Top Trump officials say the work requirement is meant to help enrollees find jobs. They say people who work or do volunteer service are healthier. Seema Verma, administrator of the U.S. Centers for Medicare & Medicaid Services, said Medicaid should be a “hand up” not a handout.

According to CMS, while the work requirement is a change in policy, it still fits within the agency’s long-standing missions of promoting health and improving health outcomes.

2. How does the work requirement work?

Kentucky’s program would require nondisabled adults each month to participate in 80 hours of work, job training, education or other qualified “community engagement.”

Those who are exempt include children and former foster care kids; pregnant women; seniors; people who are the primary caretakers for a child or a disabled adult; those who are deemed medically frail or diagnosed with an acute medical condition that would prevent them from working; and full-time students.

Adults in northern Kentucky would have to begin registering their work hours this summer, and the rest of the state would follow by the end of 2018.

State officials acknowledge the new requirement could be complicated for many enrollees. “We need to be careful and thoughtful how we roll out the ‘community engagement,’ recognizing this is a huge change,” said Kristi Putnam, deputy secretary for Kentucky’s Cabinet for Health and Family Services.

States have set up different rules on how many hours a month Medicaid enrollees must work or volunteer and who is exempt.

In Arkansas, everyone enrolled in Medicaid has to document their work hours through an online portal created by the state — with no option to submit information in person, over the phone or by mail. Critics of the work requirement fear that will be a barrier, considering the state has the second-lowest rate of home internet access in the nation.

3. What are the main objections to the work requirement from a legal and practical standpoint?

Critics say the requirement would lead many low-income people to lose their health coverage and, therefore, hinder their ability to get medical care. They note Kentucky’s own projections show that 95,000 Medicaid enrollees would lose coverage within five years.

The work-requirement approvals were based on the Health and Human Services secretary’s authority to test new ways of providing Medicaid coverage. The critics also argue, though, that the Trump administration is overstepping its statutory boundaries because the requirement would reduce eligibility rather than expand it.

Lastly, work requirement opponents note most people on Medicaid already work — or go to school, have a disability or care for relatives.

A June 12 Kaiser Family Foundation study concluded that only 6 percent of able-bodied adults on Medicaid who are targeted by states’ work requirements are not already working and unlikely to qualify for an exemption. In addition, 6 in 10 nondisabled adults on Medicaid work at least part time, although they often aren’t offered health benefits through those jobs or can’t afford them. (Kaiser Health News is an editorially independent program of the foundation.)

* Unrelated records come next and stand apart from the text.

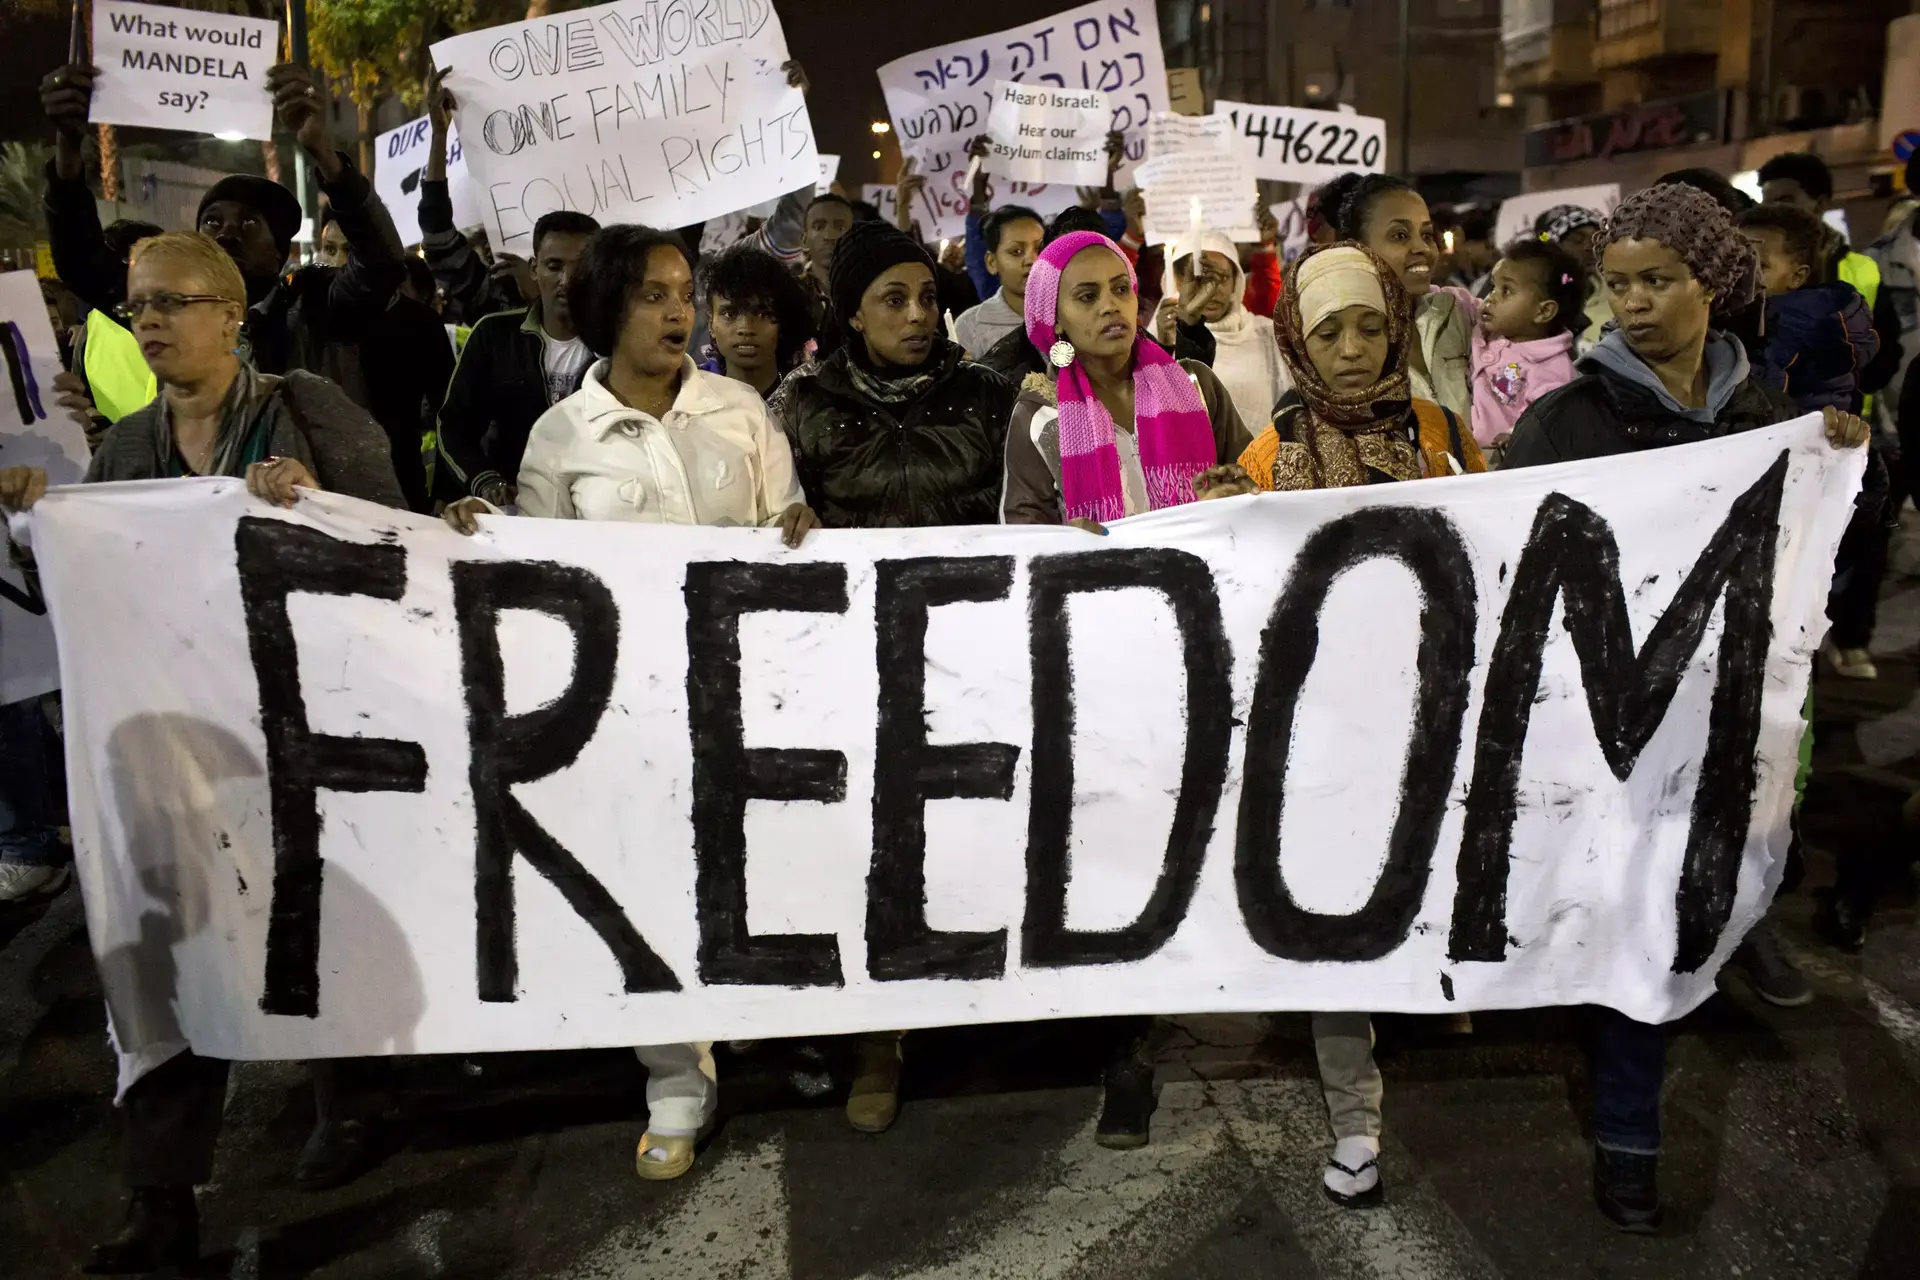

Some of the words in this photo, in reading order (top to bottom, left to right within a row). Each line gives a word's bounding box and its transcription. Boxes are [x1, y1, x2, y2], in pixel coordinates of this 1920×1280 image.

[110, 12, 177, 39] What
[186, 26, 262, 50] would
[489, 18, 605, 81] ONE
[599, 0, 770, 68] WORLD
[1074, 7, 1141, 51] אם
[122, 49, 249, 80] MANDELA
[914, 49, 989, 91] נראה
[1006, 27, 1055, 73] זה
[157, 91, 209, 112] say?
[483, 94, 575, 156] ONE
[586, 61, 729, 144] FAMILY
[1004, 87, 1036, 106] Hear
[1050, 93, 1100, 109] Israel:
[388, 120, 429, 159] OUR
[1019, 123, 1047, 138] Hear
[1050, 127, 1077, 139] our
[993, 143, 1041, 161] asylum
[1044, 146, 1098, 162] claims!
[489, 154, 655, 246] EQUAL
[660, 105, 809, 195] RIGHTS
[235, 447, 1790, 1018] FREEDOM
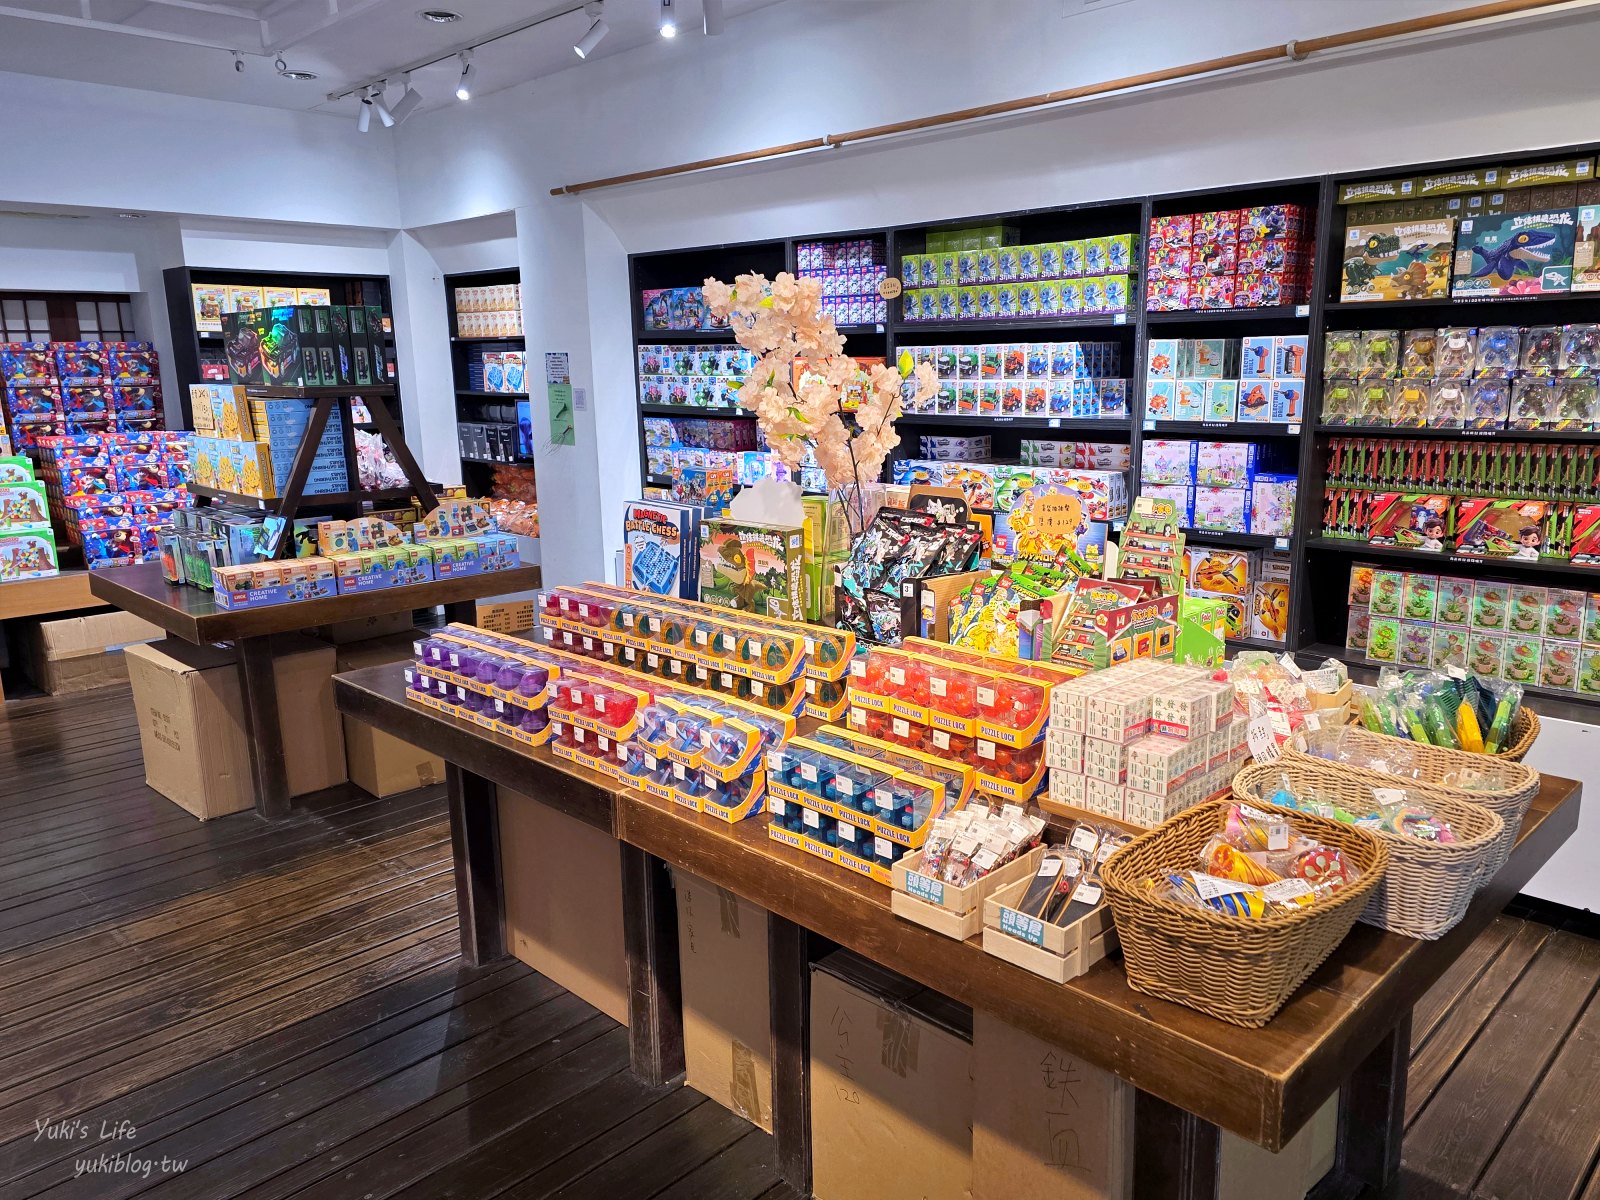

Surveys show that many Medicaid enrollees who don’t work are in job training, go to school or are taking care of a child or an elderly relative, conditions that would make them exempt from the new mandate.

4. When is the court expected to rule, and could this issue go to the Supreme Court?

Both sides expect a quick decision, likely by late June. But an appeal is likely no matter who wins.

If the Trump administration wins, it’s uncertain if plaintiffs will be able to get a stay on the work requirement taking effect while an appeal is in process.

5. While the work requirement is getting most of the attention, what else is at stake in the court case Friday?

The lawsuit filed by advocates on behalf of Medicaid enrollees seeks to overturn the entire Kentucky Medicaid waiver approved by the Trump administration in January.

Kentucky’s waiver also sets precedent because it would become the first state to charge Medicaid premiums of up to 4 percent of an individual’s income. The current limit has been 2 percent. Moreover, Kentucky would become the first state to lock out Medicaid enrollees from coverage for up to six months for failure to timely renew their coverage or failure to alert the state if their income or family circumstances have changed.